--- Entries provided ---

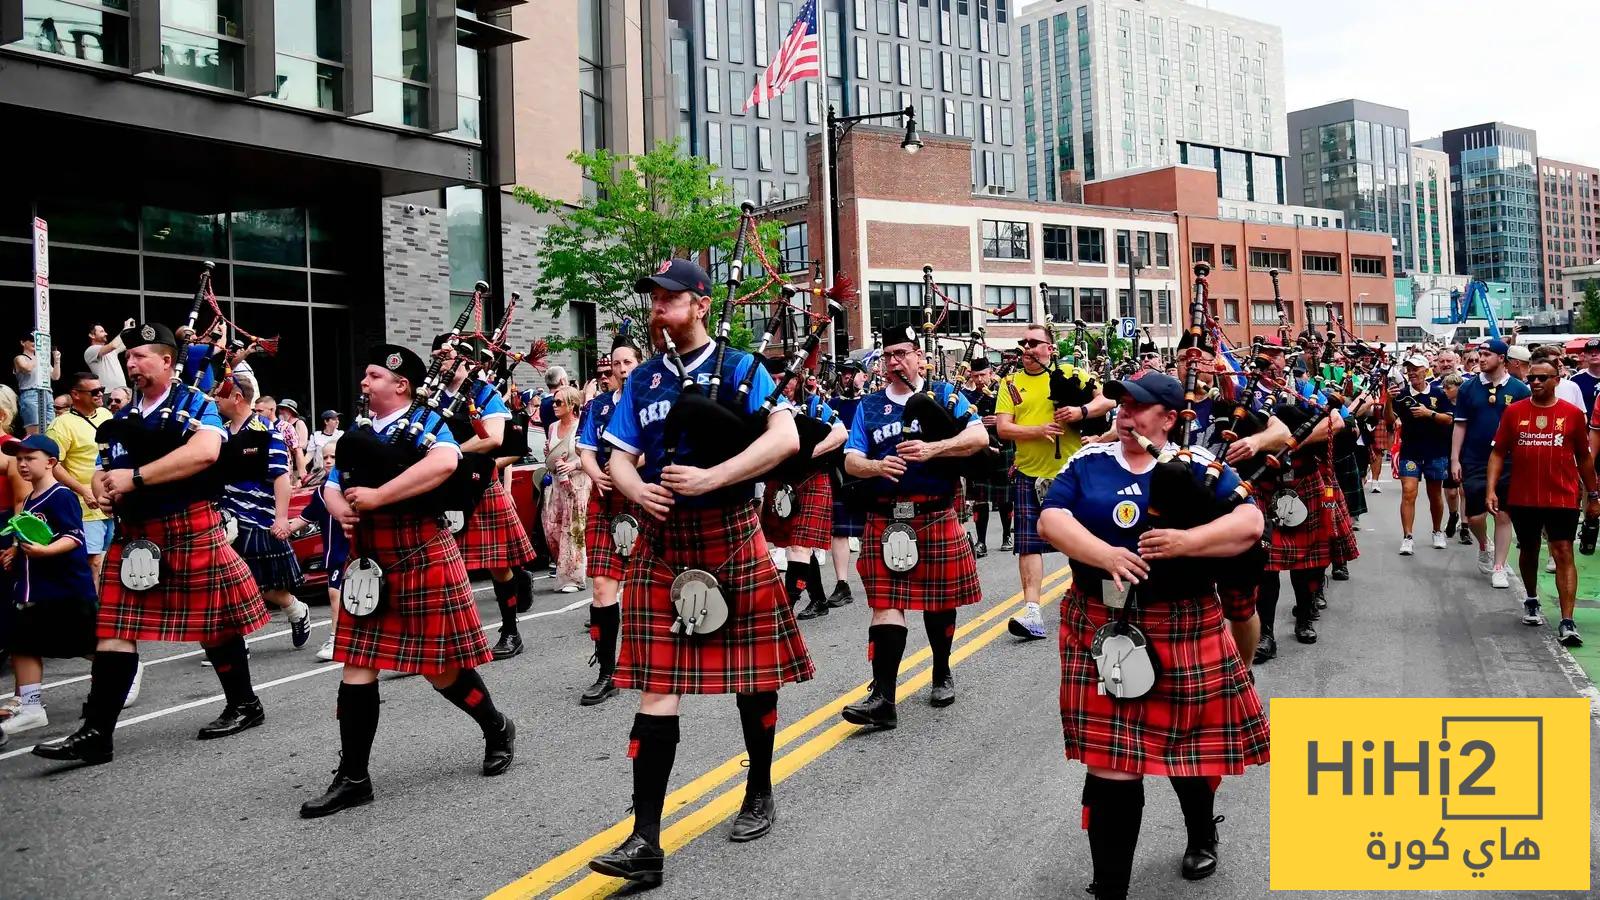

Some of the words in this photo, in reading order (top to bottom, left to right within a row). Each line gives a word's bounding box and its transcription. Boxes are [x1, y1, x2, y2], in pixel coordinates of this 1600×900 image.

[1125, 322, 1133, 335] P
[649, 372, 662, 389] B
[638, 399, 671, 430] RED
[883, 403, 893, 415] B
[872, 420, 902, 444] RED
[331, 569, 339, 581] 8
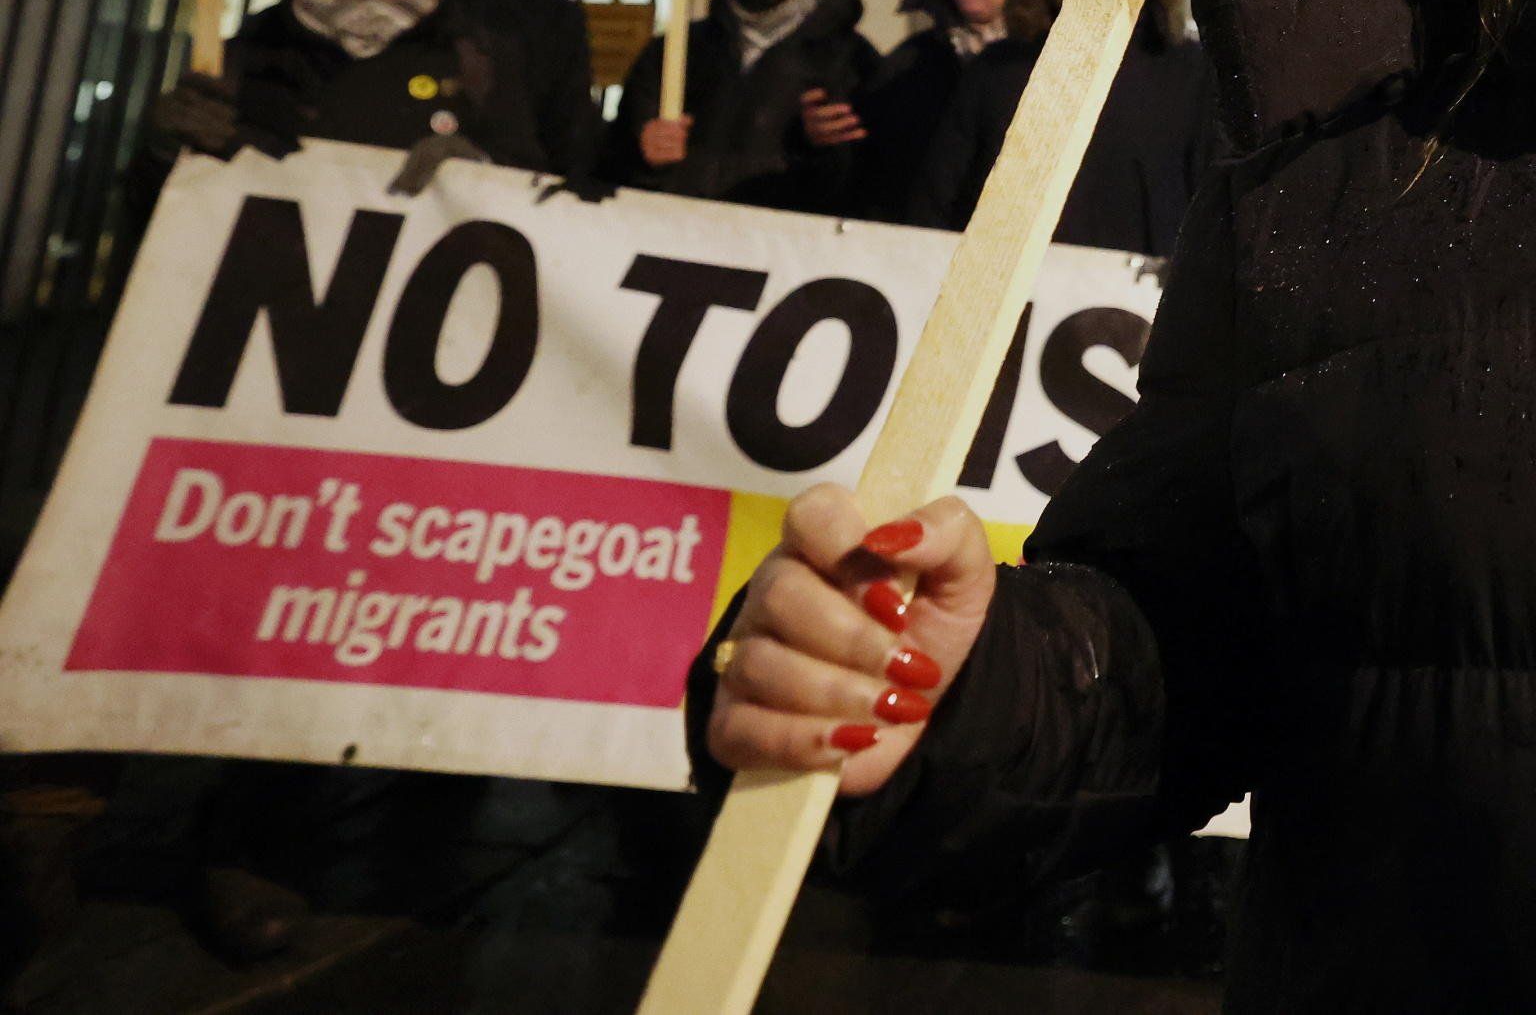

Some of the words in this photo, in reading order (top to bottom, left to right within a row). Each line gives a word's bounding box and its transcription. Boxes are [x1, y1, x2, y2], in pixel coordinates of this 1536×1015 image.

---

◆ Brief:
Print every line of the data exactly. Pictures do not belong in the copy.

◆ Result of the task:
Some of the words in this photo, in reading order (top to bottom, left to right within a row). Each line gives a word's bounding box and its transcription. Boxes are [x1, y1, x2, y2], in pixel coordinates of this 1600×900 image.

[1125, 322, 1133, 335] P
[649, 372, 662, 389] B
[638, 399, 671, 430] RED
[883, 403, 893, 415] B
[872, 420, 902, 444] RED
[331, 569, 339, 581] 8

Some of the words in this photo, in reading order (top to bottom, left to right within a row). Each line gives a word's bounding box and its transcription. Boxes are [x1, y1, x2, y2], in pixel coordinates of this 1536×1015 image.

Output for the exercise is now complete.